Backdating an employee''s option to buy stock at a certain price tends to guarantee that the optionee will make money. It also defeats the usual purpose of granting the option — to give the worker an extra incentive to help the company do better financially.
Apple backdated 6,500 options over a five year period (1997-2002). It later decided to reclassify the options as compensation to the option beneficiaries. And so it restated its income as $105 million less than it reported at the time.
A class of Apple shareholders sued Steve Jobs and others for issuing false proxy statements and securities fraud. The class later amended the complaint to assert only the proxy claims. The district court dismissed on the ground that the complaint failed to allege the class suffered "economic" loss. It also refused to let the shareholders revive their securities fraud claim under section 10(b) of the Securities Exchange Act of 1934.

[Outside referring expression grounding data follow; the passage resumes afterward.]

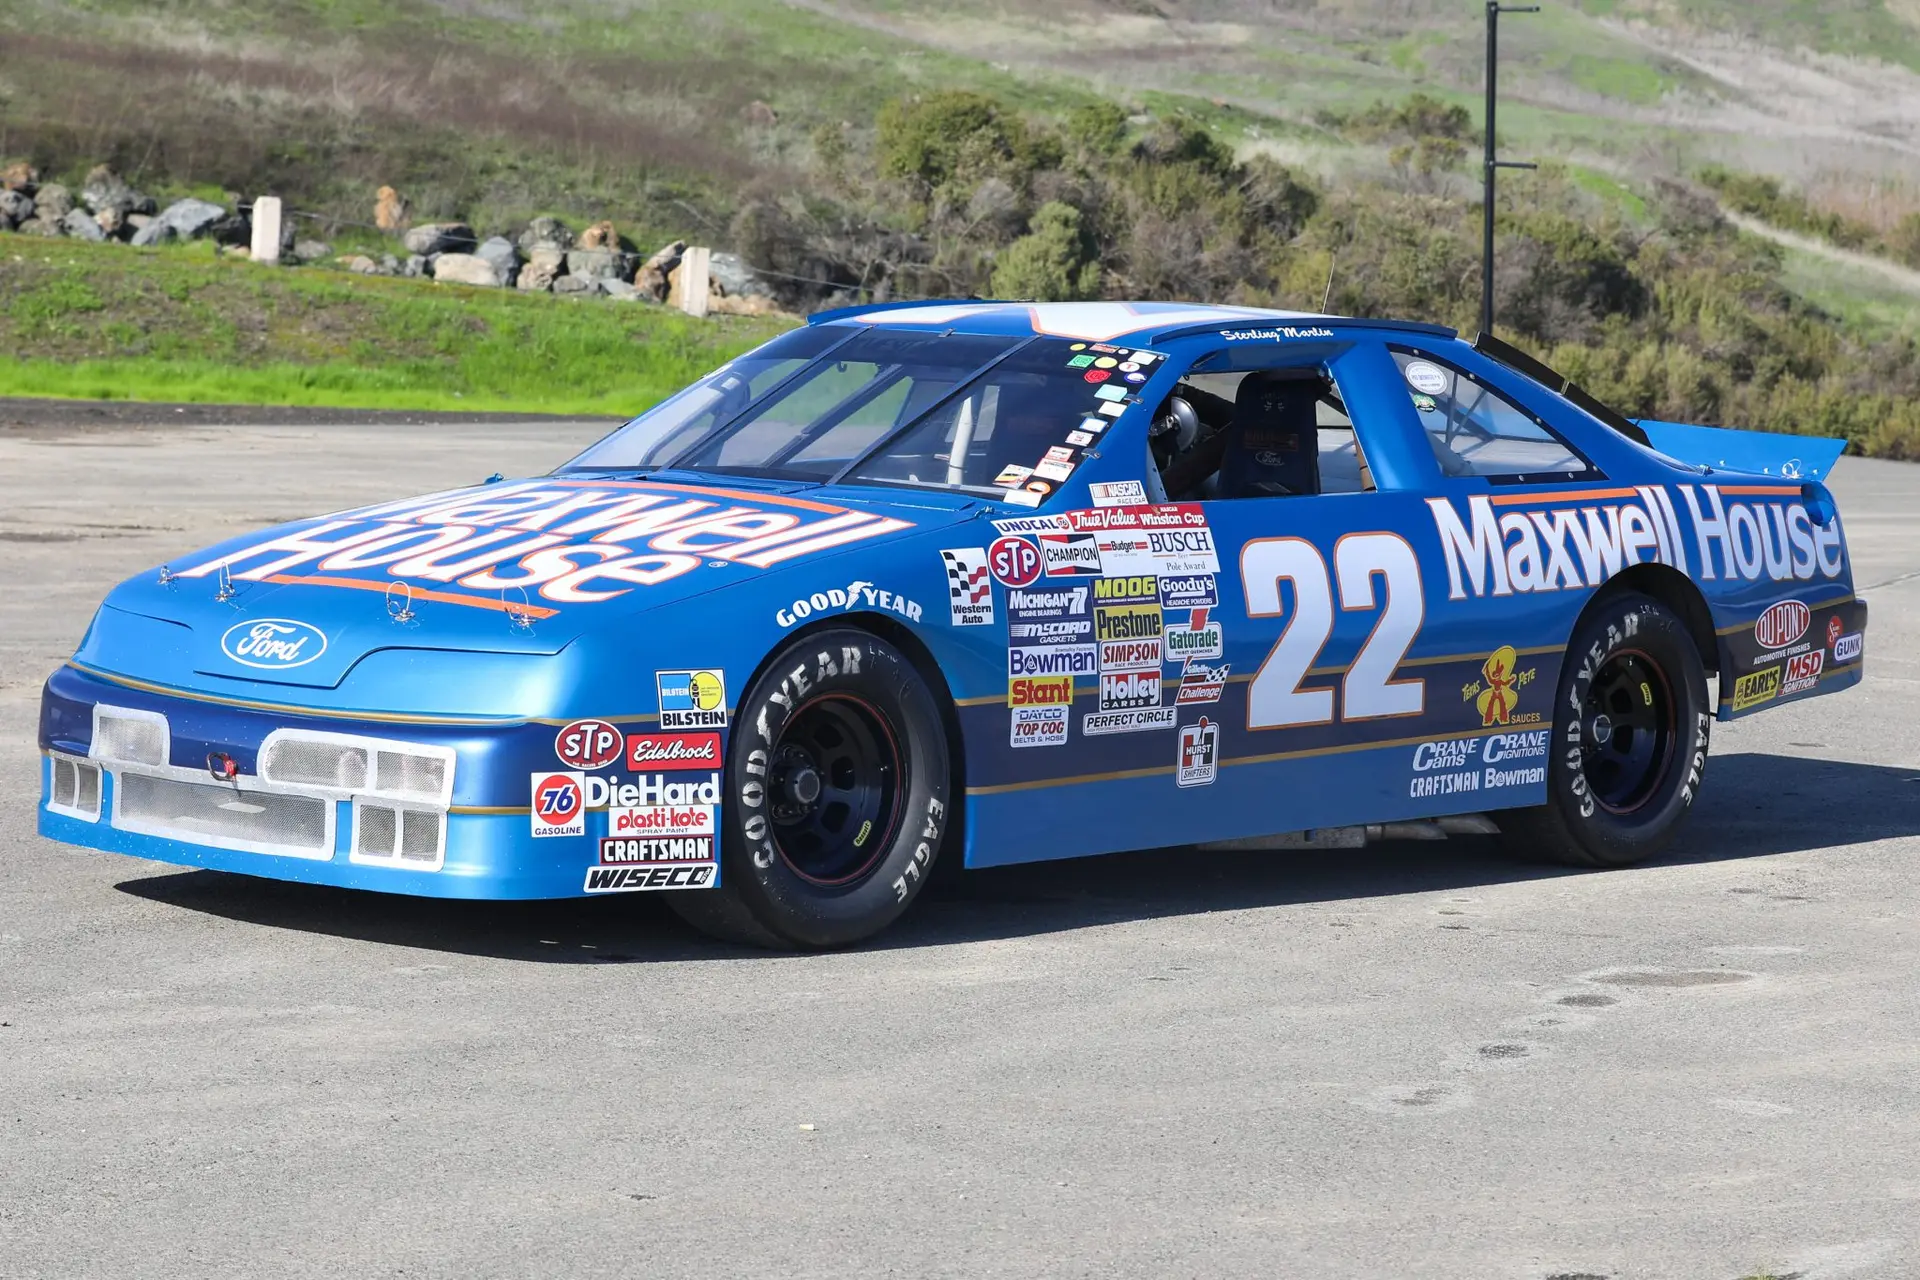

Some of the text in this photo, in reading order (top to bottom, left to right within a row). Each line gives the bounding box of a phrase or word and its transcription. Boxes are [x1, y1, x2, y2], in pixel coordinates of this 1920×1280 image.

[1220, 327, 1334, 342] Sterling Marlin
[1107, 483, 1141, 497] NASCAR
[996, 518, 1059, 532] UNOCAL
[1139, 512, 1205, 526] Winston Cup
[1147, 531, 1211, 553] BUSCH
[1424, 484, 1692, 600] Maxwell
[1676, 484, 1842, 580] House
[1046, 546, 1098, 563] CHAMPION
[1111, 540, 1136, 553] Budget
[172, 520, 702, 602] House
[996, 540, 1036, 579] STP
[1166, 561, 1206, 571] Pole Award
[1094, 576, 1156, 598] MOOG
[1161, 576, 1214, 597] Goody's
[953, 605, 991, 614] Western
[1067, 586, 1088, 614] 77
[1166, 597, 1213, 607] HEADACHE POWDERS
[962, 615, 983, 624] Auto
[1018, 608, 1062, 617] ENGINE BEARINGS
[1096, 609, 1160, 639] Prestone
[1240, 530, 1426, 731] 22
[236, 622, 308, 661] Ford
[1039, 634, 1077, 643] GASKETS
[1168, 629, 1219, 649] Gatorade
[1836, 638, 1860, 657] GUNK
[1103, 642, 1159, 664] SIMPSON
[1753, 642, 1811, 665] AUTOMOTIVE FINISHES
[1787, 652, 1822, 681] MSD
[1012, 677, 1071, 705] Stant
[1102, 675, 1159, 705] Holley
[1180, 686, 1220, 699] Challenge
[1743, 669, 1779, 699] EARL'S
[1782, 675, 1817, 694] IGNITION
[1019, 708, 1063, 720] DAYCO
[1102, 699, 1145, 708] CARBS
[662, 712, 725, 726] BILSTEIN
[1087, 710, 1173, 729] PERFECT CIRCLE
[1511, 712, 1541, 723] SAUCES
[1013, 736, 1036, 744] BELTS
[1044, 734, 1065, 742] HOSE
[1015, 721, 1065, 736] TOP COG
[564, 724, 613, 759] STP
[634, 740, 715, 761] Edelbrock
[1186, 744, 1211, 756] HURST
[1412, 731, 1548, 771] CRANE CRANE
[1502, 746, 1546, 760] IGNITIONS
[1681, 712, 1709, 807] EAGLE
[1184, 767, 1210, 779] SHIFTERS
[585, 773, 720, 807] DieHard
[1410, 771, 1480, 798] CRAFTSMAN
[540, 784, 577, 815] 76
[617, 807, 708, 831] plasti-kote
[534, 826, 582, 836] GASOLINE
[604, 838, 709, 862] CRAFTSMAN
[892, 797, 943, 903] EAGLE
[588, 866, 713, 889] WISECO

The Ninth Circuit upheld the dismissal but reversed the denial of leave to re-raise the claim for securities fraud. Although the complaint alleged false statements in connection with Apple's solicitation of proxies from shareholders, it didn't specify any loss to the shareholders, contrary to what section 14(a) of the Securities Exchange Act of 1933 requires. Yes, the options may have diluted the shareholders' ownership of Apple stock, but that doesn't necessarily entail economic loss, the court held. New York City Employees' Retirement System v. Jobs, No. 08-16488 (9th Cir. Jan. 28, 2010).
The district court erred, though, in concluding that the plaintiffs "waived" their right to assert a section 10(b) claim by amending their complaint to omit it. Lacking any other reason to deny leave to add the claim back, the district court abused its discretion, the court said.